La montée du « greenhushing » introduit un déficit de crédibilité qui compromet la transparence et le pouvoir de l'action collective. Pour les marchés de capitaux, ce silence est un angle mort. Il masque les entreprises qui sont réellement positionnées pour réussir dans une économie à faible émission de carbone. Il affaiblit aussi les signaux dont les investisseurs ont besoin pour récompenser la performance.
L'ambiguïté stratégique et l'exposition à long terme persisteront. Les entreprises qui reculent publiquement pourraient se retrouver vulnérables aux critiques de l'ensemble des parties prenantes : investisseurs, régulateurs, influenceurs et activistes. Les vents contraires économiques, les changements de politique commerciale et l'évolution des règles de divulgation ESG pourraient exercer une pression sur les budgets et remodeler l'examen des investisseurs.

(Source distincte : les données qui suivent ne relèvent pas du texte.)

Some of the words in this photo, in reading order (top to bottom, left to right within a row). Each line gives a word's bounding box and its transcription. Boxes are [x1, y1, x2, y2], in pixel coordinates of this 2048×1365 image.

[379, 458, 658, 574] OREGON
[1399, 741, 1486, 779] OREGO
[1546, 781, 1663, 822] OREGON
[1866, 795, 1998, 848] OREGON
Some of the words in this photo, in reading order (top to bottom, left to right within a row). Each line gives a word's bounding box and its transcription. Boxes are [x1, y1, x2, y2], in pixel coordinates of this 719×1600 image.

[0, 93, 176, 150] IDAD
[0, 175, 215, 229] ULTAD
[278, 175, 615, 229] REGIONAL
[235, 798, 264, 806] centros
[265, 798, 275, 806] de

Pour de nombreux dirigeants, le « greenhushing » est un choix pragmatique… pour l'instant. Moins d'attention publique signifie moins de pression politique. Mais cela signifie aussi moins d'opportunités de façonner les normes, d'attirer les talents et de se différencier sur des marchés où les clients valorisent toujours le leadership en matière de durabilité. Plus important encore, le « greenhushing » sape la capacité à maintenir et à réactiver les coalitions.

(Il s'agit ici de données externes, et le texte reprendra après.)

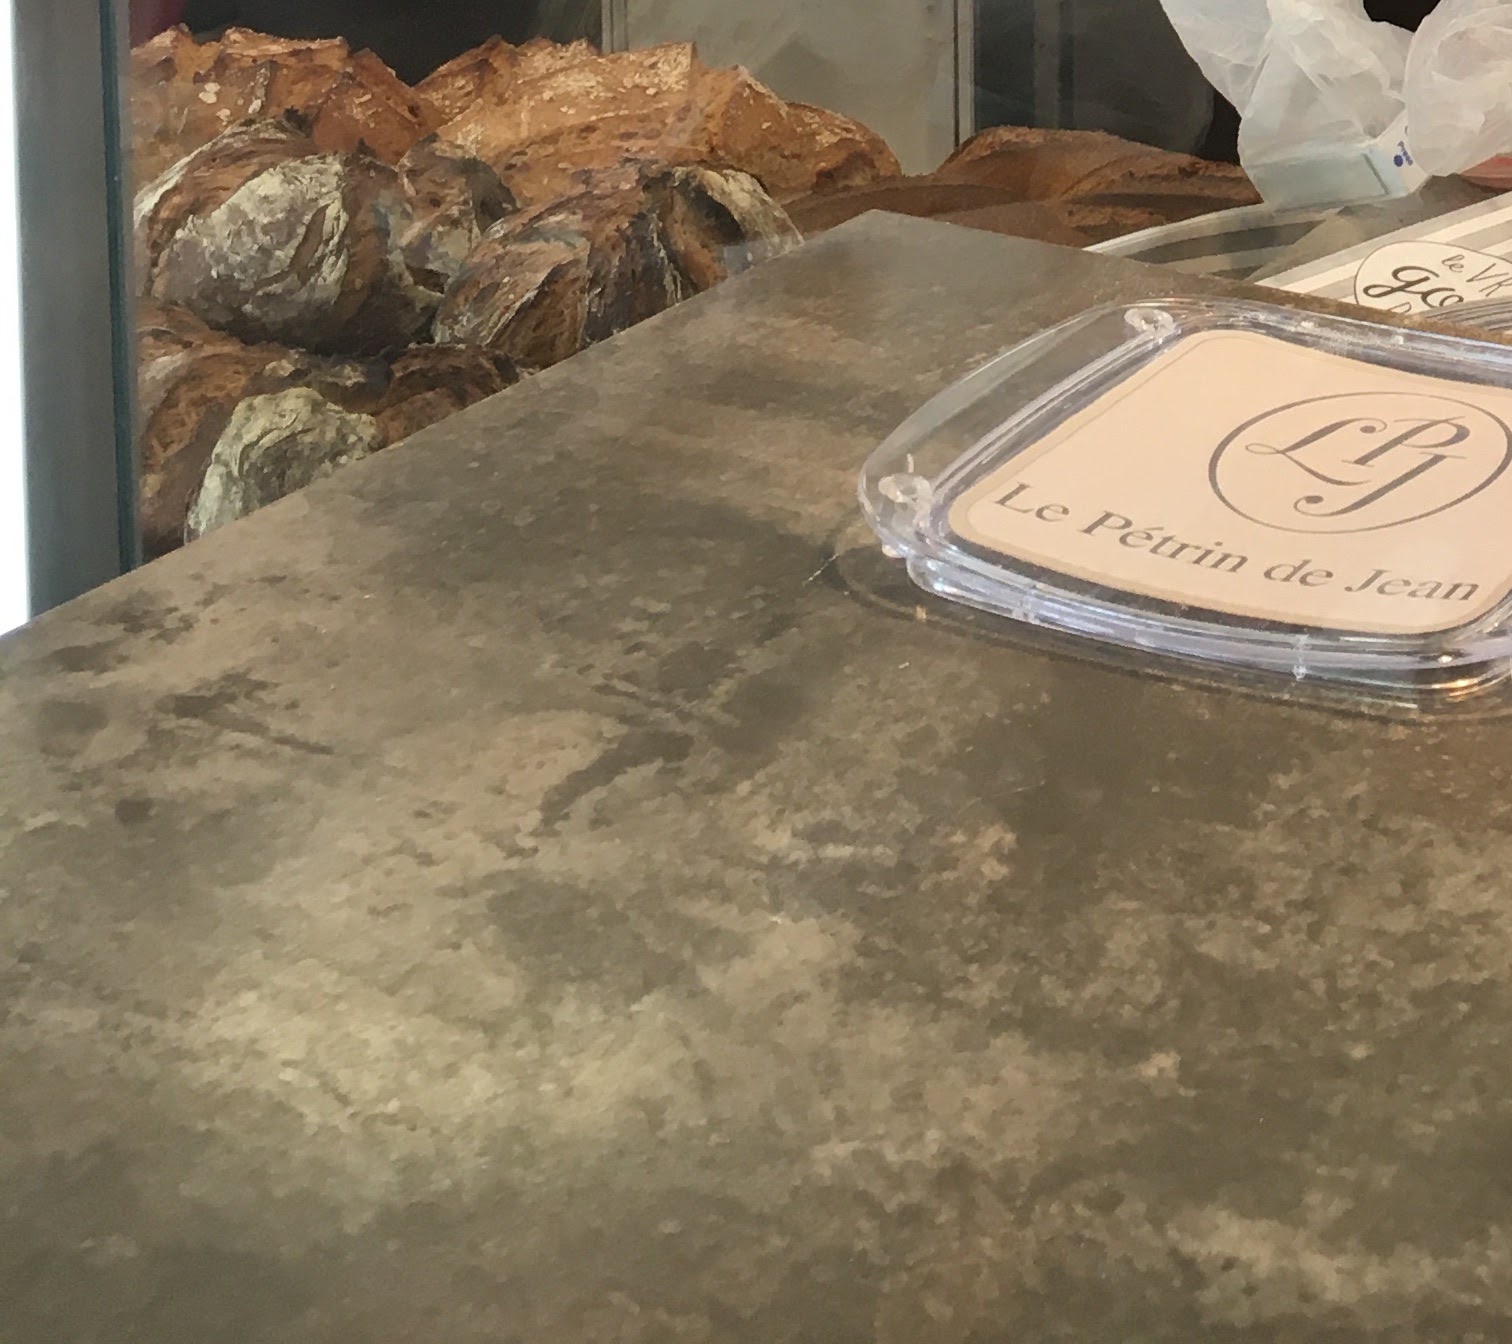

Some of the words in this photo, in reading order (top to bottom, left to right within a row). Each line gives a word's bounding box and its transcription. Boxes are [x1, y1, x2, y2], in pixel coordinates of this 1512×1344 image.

[994, 480, 1070, 524] Le
[1076, 508, 1247, 575] Pétrin
[1264, 557, 1334, 590] de
[1345, 566, 1482, 606] Jean

La transparence – sur les objectifs, les progrès et les défis – est la monnaie de la collaboration. Sans elle, le tissu conjonctif qui liait autrefois les entreprises leaders s'effiloche davantage. En coalition, les entreprises peuvent définir le leadership industriel, modifier les paysages politiques et accélérer l'adoption de nouvelles technologies. Reconstruire cette influence collective dans l'environnement actuel exige de faire face au risque politique de front. Il ne s'agit pas de l'ignorer, ni d'adopter une stratégie de « greenhushing ». Il s'agit plutôt d'intégrer la durabilité si profondément dans l'entreprise que s'en écarter ruinerait l'entreprise elle-même.
Les leaders les plus résilients seront ceux qui collaborent ouvertement sur la durabilité, créant une dynamique concurrentielle où la création de valeur et l'impact collectif se renforcent mutuellement.